MOTORSPORT: Two youngsters are making a big impact in the world of motorsport - on four wheels and two.
Howie Mainwaring, 17, has enjoyed a great debut British Superbikes season, while 10-year-old Alexander O'Sullivan continues to impress on the karting circuit. IAN BEDFORD catches up with the speedy duo.
HOWIE Mainwaring has a new racing machine on the top of his Christmas wish list.
The 17-year-old British Superbikes rookie is hoping to have a Suzuki underneath him when the season starts in the spring.
His first season in Superbikes as the youngest rider went according to plan, but he knows he will need a more competitive machine than the four-year-old Yamaha R1 he relied on this year if he is to continue to progress in the sport.
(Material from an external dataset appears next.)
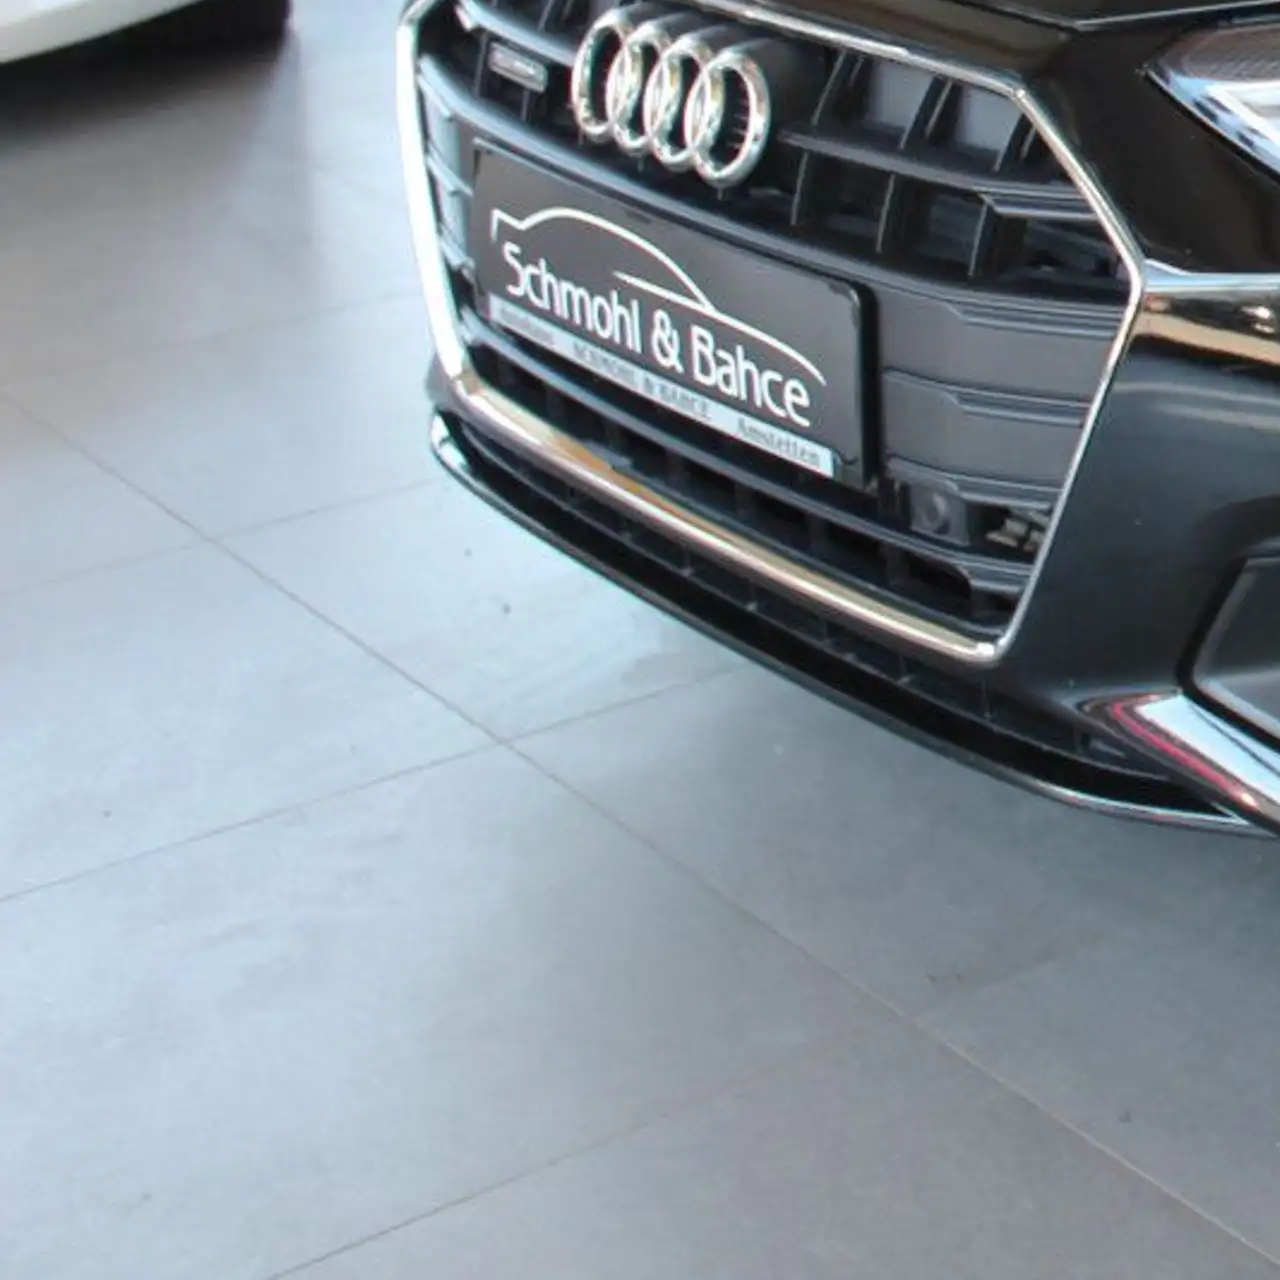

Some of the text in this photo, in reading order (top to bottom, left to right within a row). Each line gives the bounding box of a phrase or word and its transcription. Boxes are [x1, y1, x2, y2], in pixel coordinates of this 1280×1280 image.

[503, 241, 641, 353] Schmohl
[652, 310, 682, 373] &
[691, 325, 810, 427] Bahce
Howie, who lives in Frodsham, is optimistic his wish will come true in the new year with the continued support of Chester motorcycle dealer Bill Smith, a TT legend who believes his protégé has a big future in the sport.
'I think Suzuki is the way to go next season,' said Howie. 'We had some problems with the Yamaha, but we are working hard to get a bike, though we are struggling to find new sponsors.
'I haven't given up hope of getting a works ride next year, because I have had quite a lot of media exposure, especially on Sky Sports and some good feedback on my performances.
'It has been a big learning curve, but I am very happy with the way things have gone. I couldn't have asked for more considering the level of equipment at my disposal.'
Howie finished ninth privateer in the British Superbikes Championship, with a highest finish of fifth. As well as some mechanical problems he broke a bone in a wrist, but it didn't stop him competing.
He said: 'I could have done with more wet weather, which is always a leveller when you are competing against better machines. But it was such a dry summer, we hardly had any wet races.'
Howie has been helping his grandfather in repairing trucks during the racing close season, and spending five or six nights a week getting fit for the demanding schedules ahead.
He added: 'It is important I am properly prepared for the season, because I want to have that edge which may make all the difference on the circuit.
'It's surprising how demanding racing is physically, especially this year when it was so hot at times.'
Howie already has a fan club - he receives lots of letters every week during the season - and the membership fee for this includes hospitality at his races and merchandise.
Further information is available on his website howie13.com. Anyone interested in sponsoring Howie can get details by telephoning 01606 330591.
CHESTER schoolboy Alexander O'Sullivan experienced the highs and lows of motorsport at the Three Sisters Raceway in Lancashire last week.
The 10-year-old pupil of Abbey Gate Junior School had already secured the 2003 DKC WTP Championship, but took part in the final race of the season to maintain his pace ahead of testing for next year's WTP British National series.
Fastest of the WTP runners in the first heat, Alexander, who lives in Northop Hall, had an accident in the second heat when, to avoid another competitor, his kart left the road and slammed into the tyre barriers, twisting both front stub axles, breaking the nose cone and damaging the side pod on the left-hand side.
'It was a big impact, so I was lucky to get away with such a small amount of damage,' he said.
'I was fortunate we had two spare stub axles, otherwise I'd have been out.'
Rapid work by his mechanics had everything ready for the final less than an hour later. Alexander took an immediate lead and went on to win the 10-lap race by more than 10 seconds from Adam Lloyd-Hughes.
He is to receive his WTP Cadet trophy in January, and has started to test the Maranello Cadet kart chassis from Italy.
Alexander may be a works-supported driver in the 2004 WTP British series.